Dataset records
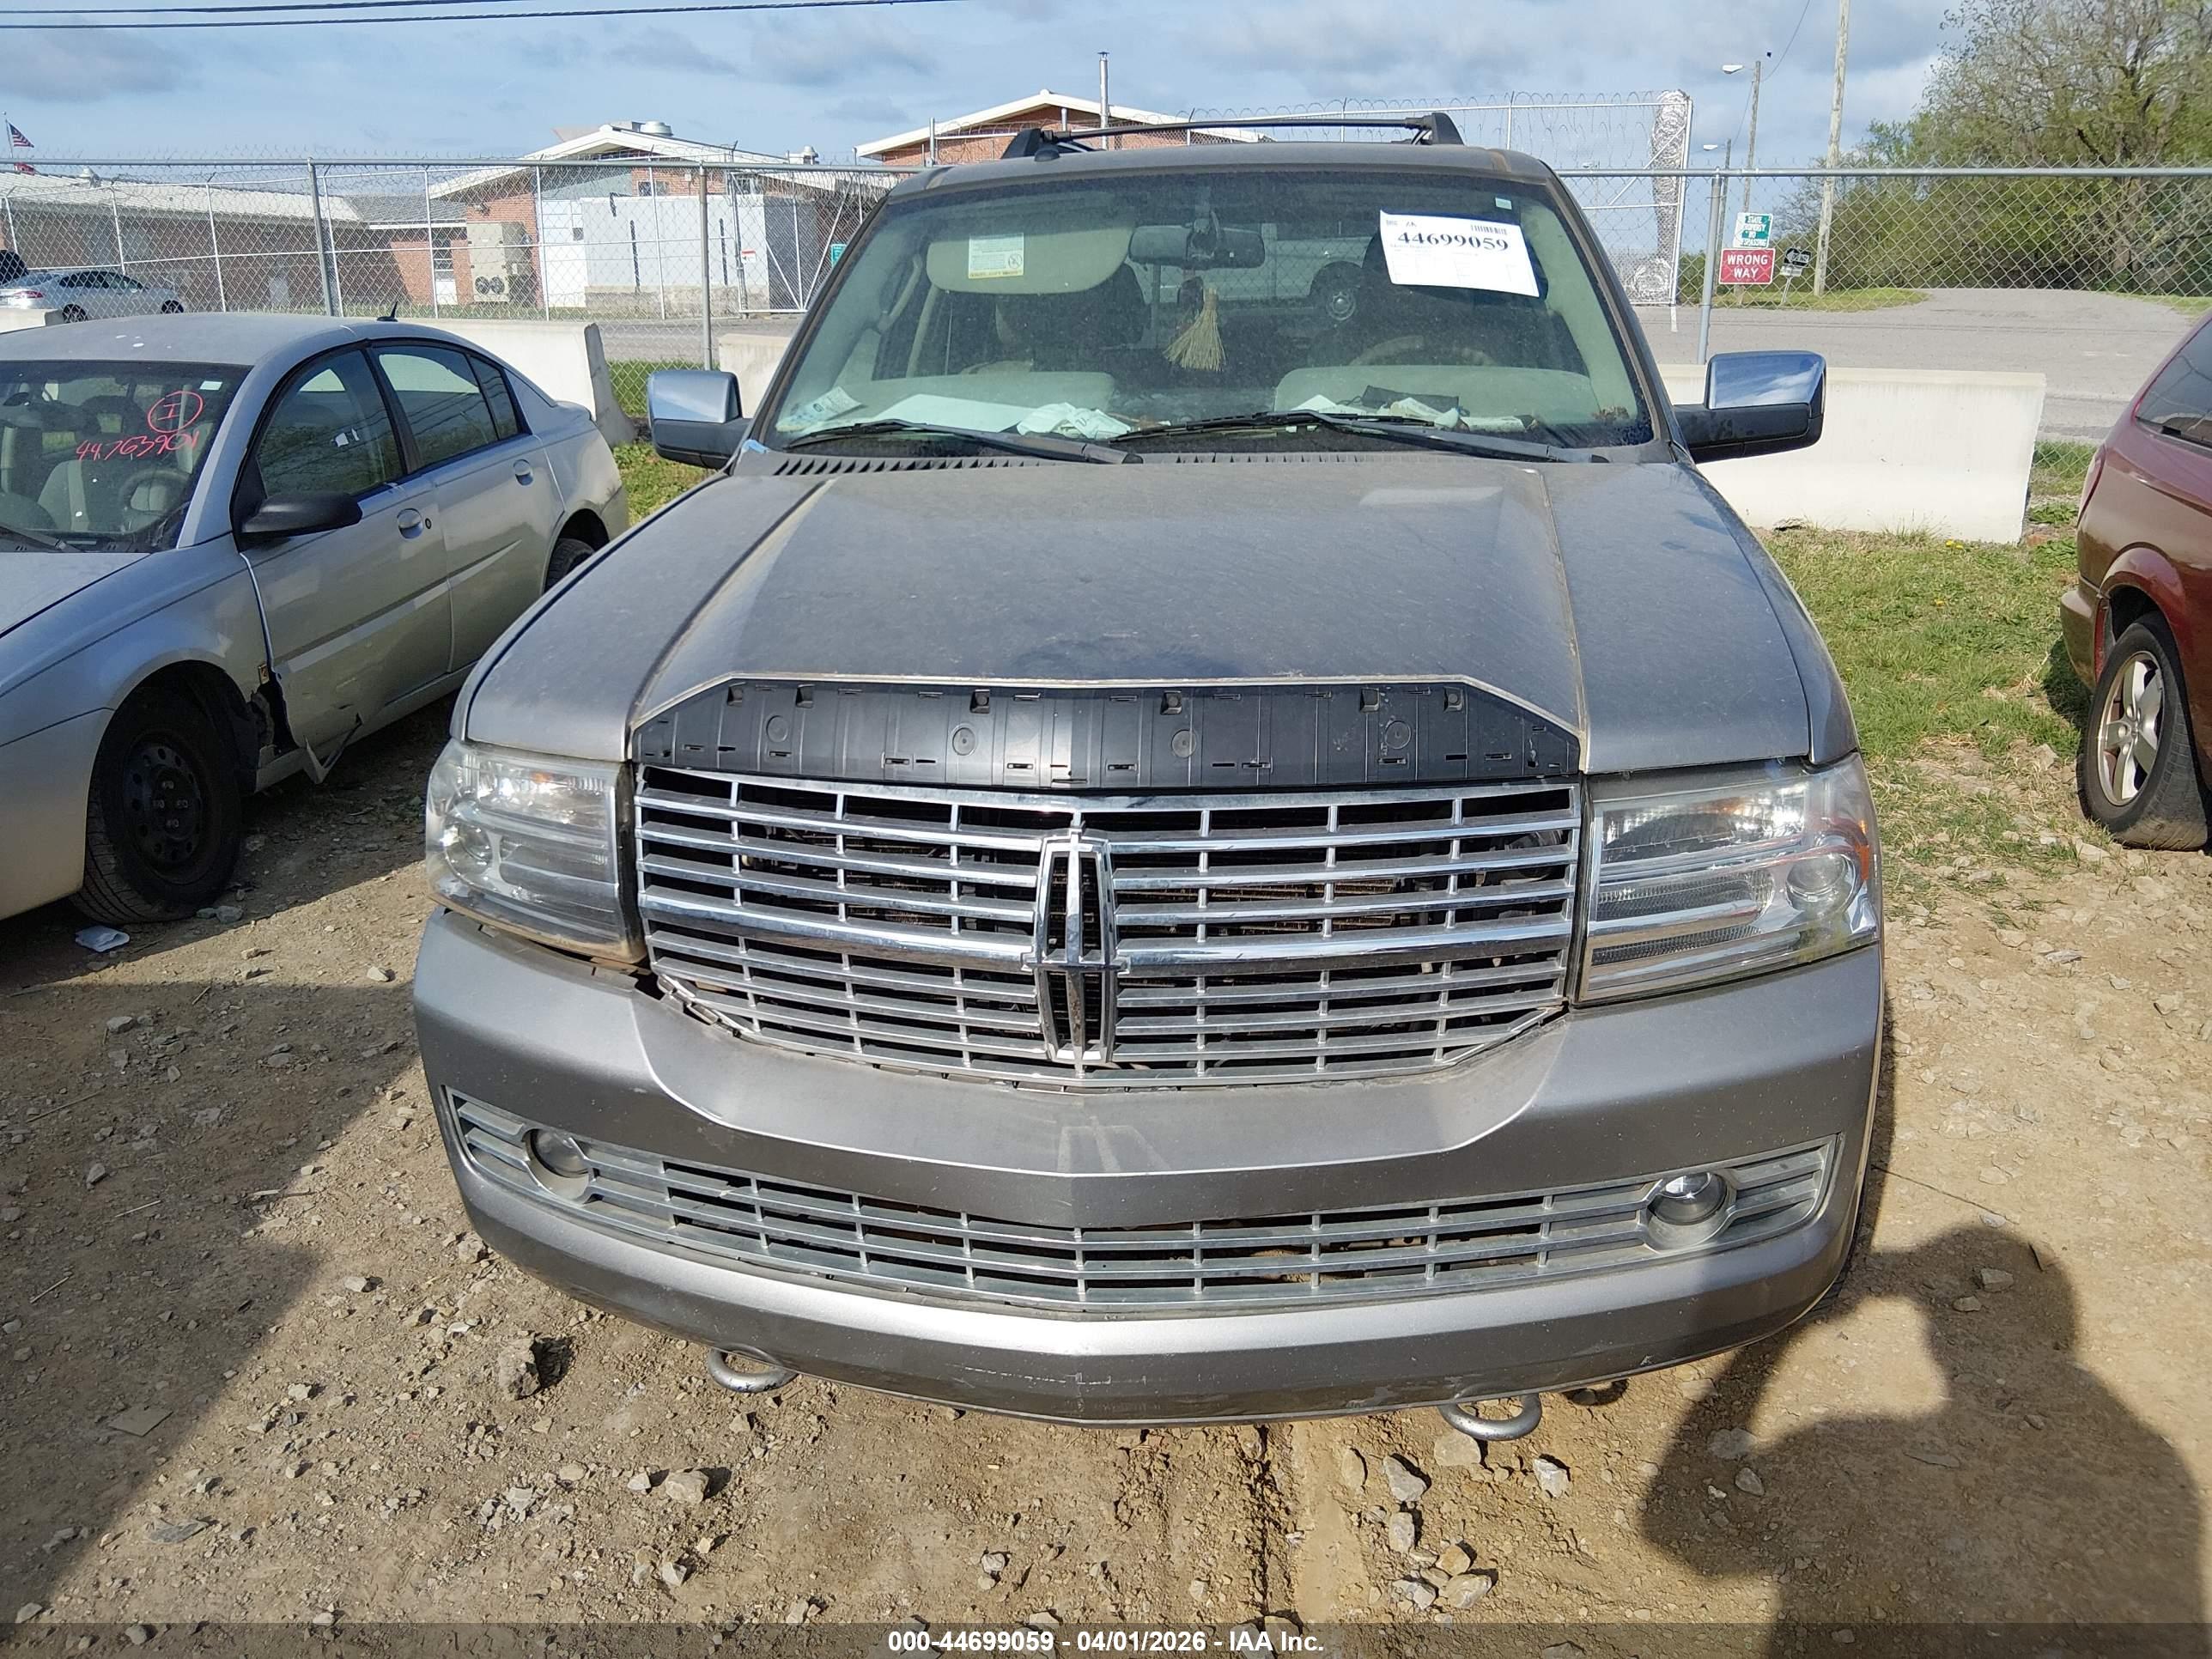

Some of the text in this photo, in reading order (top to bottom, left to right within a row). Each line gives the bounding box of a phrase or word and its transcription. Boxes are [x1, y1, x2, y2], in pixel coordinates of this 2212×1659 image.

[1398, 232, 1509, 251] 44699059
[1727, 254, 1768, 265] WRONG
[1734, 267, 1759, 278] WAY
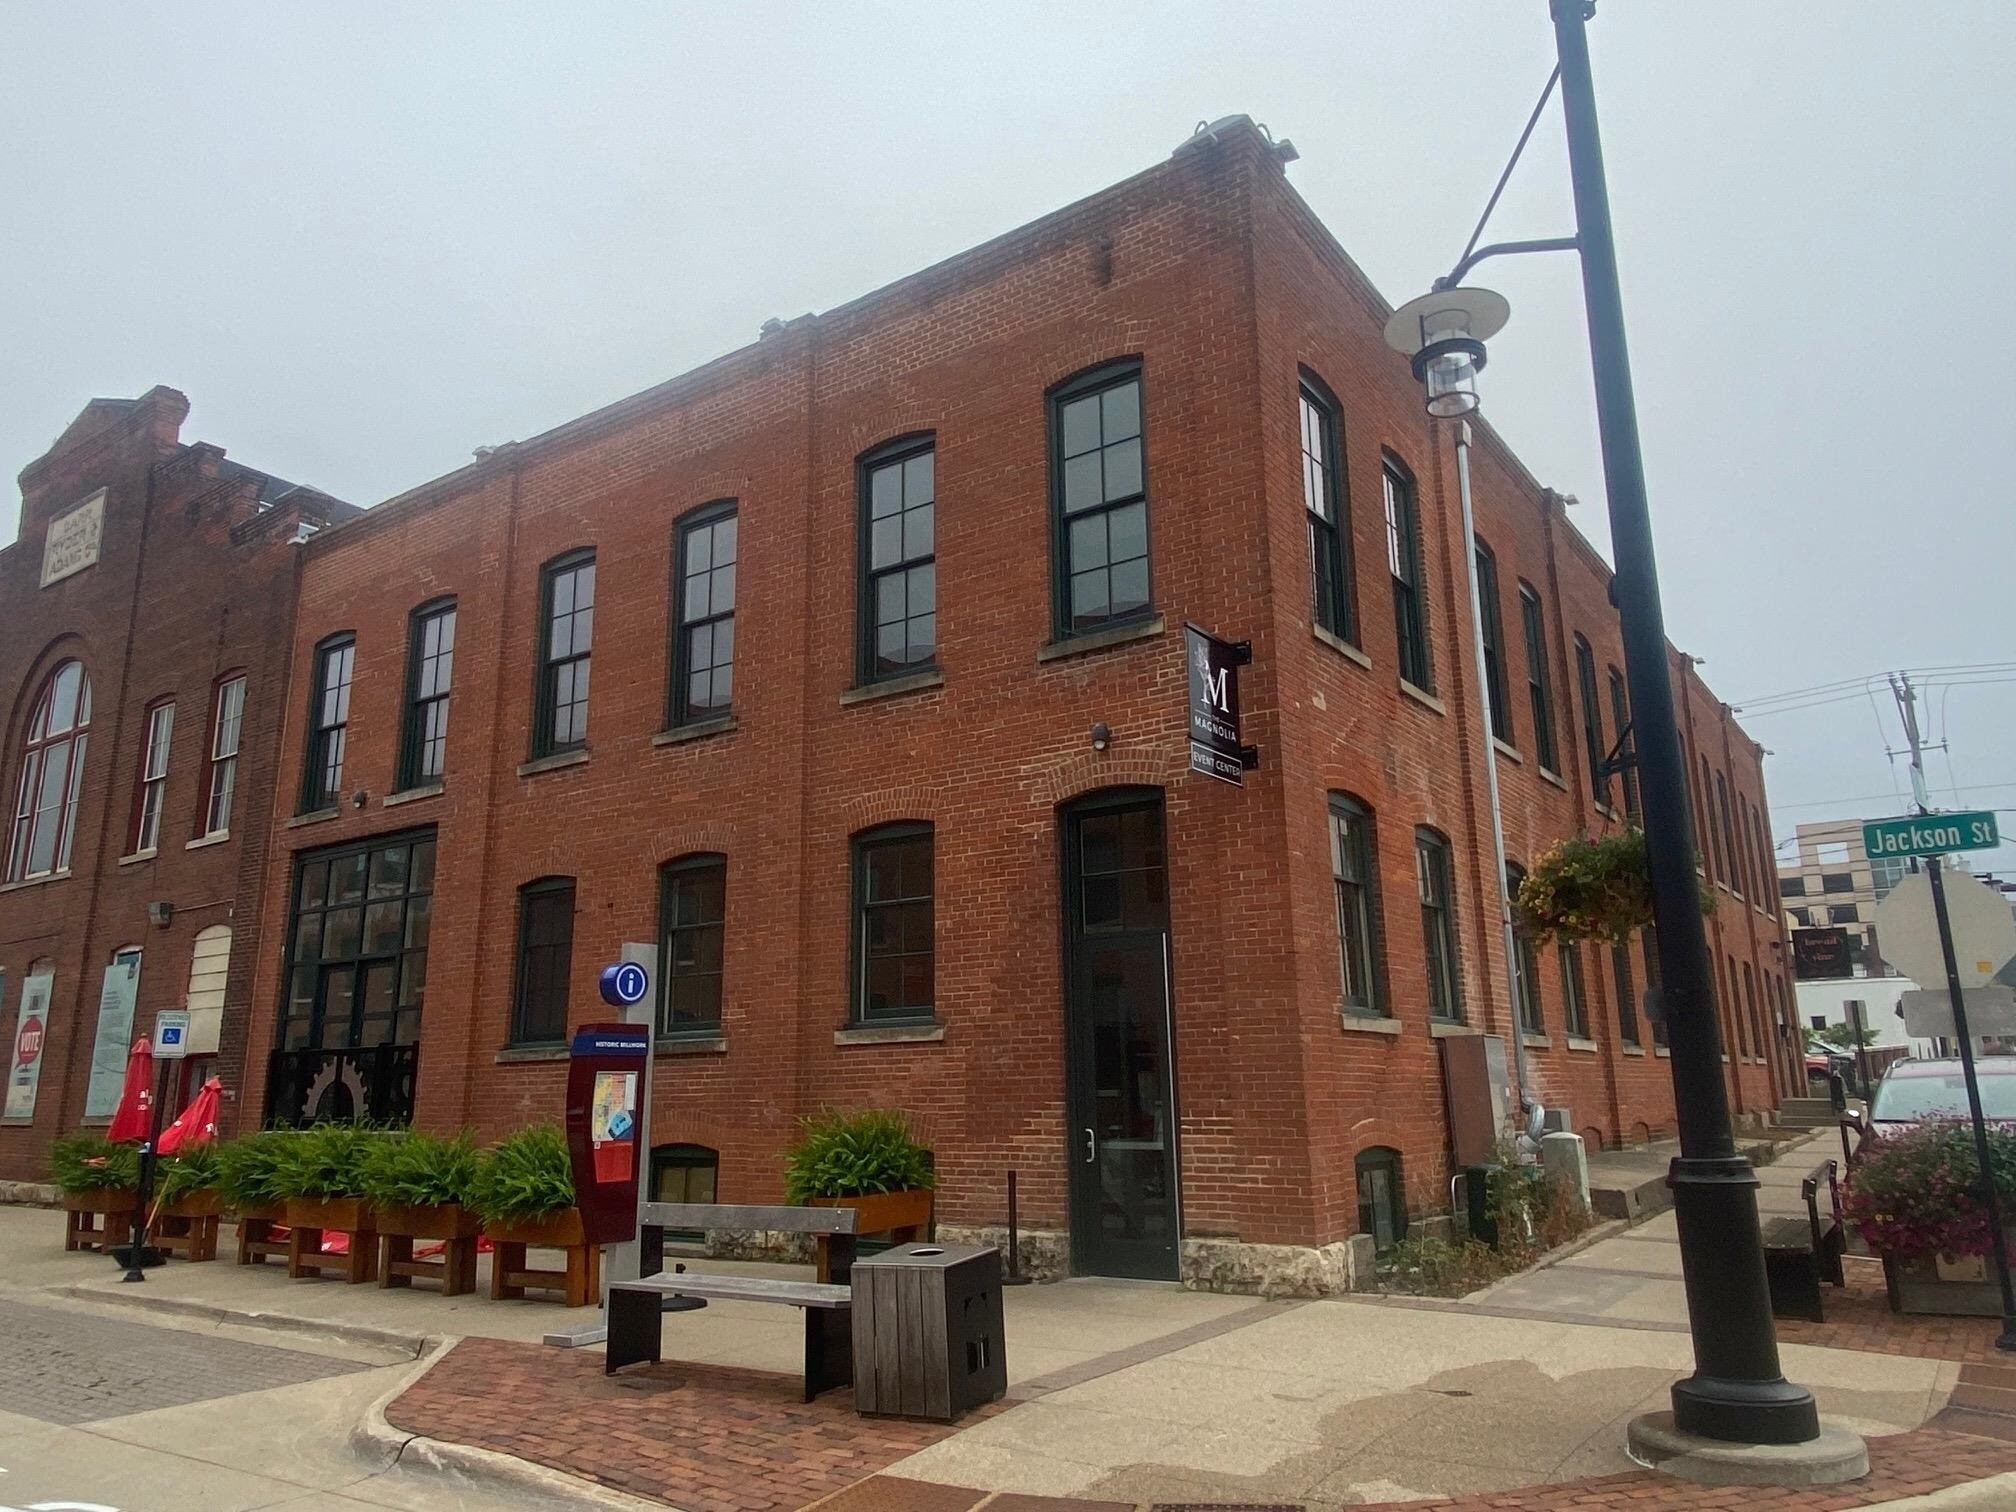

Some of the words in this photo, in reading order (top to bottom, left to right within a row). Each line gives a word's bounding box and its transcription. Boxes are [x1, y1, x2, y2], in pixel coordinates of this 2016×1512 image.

- _TASK TO COMPLETE_
Each record above is to be copied exactly. Drop the pictures.

- _ANSWER TO THE PROBLEM_
Some of the text in this photo, in reading order (top to bottom, left to right within a row). Each line gives the bounding box of a phrase or word and its transcription. Boxes are [x1, y1, x2, y2], in pixel coordinates of this 2212×1659 image.

[1398, 232, 1509, 251] 44699059
[1727, 254, 1768, 265] WRONG
[1734, 267, 1759, 278] WAY

Some of the words in this photo, in reading order (top to bottom, left to right within a row). Each line gives a word's bounding box and its transcription. Boxes are [x1, y1, x2, y2], in pixel coordinates of this 2016×1512 image.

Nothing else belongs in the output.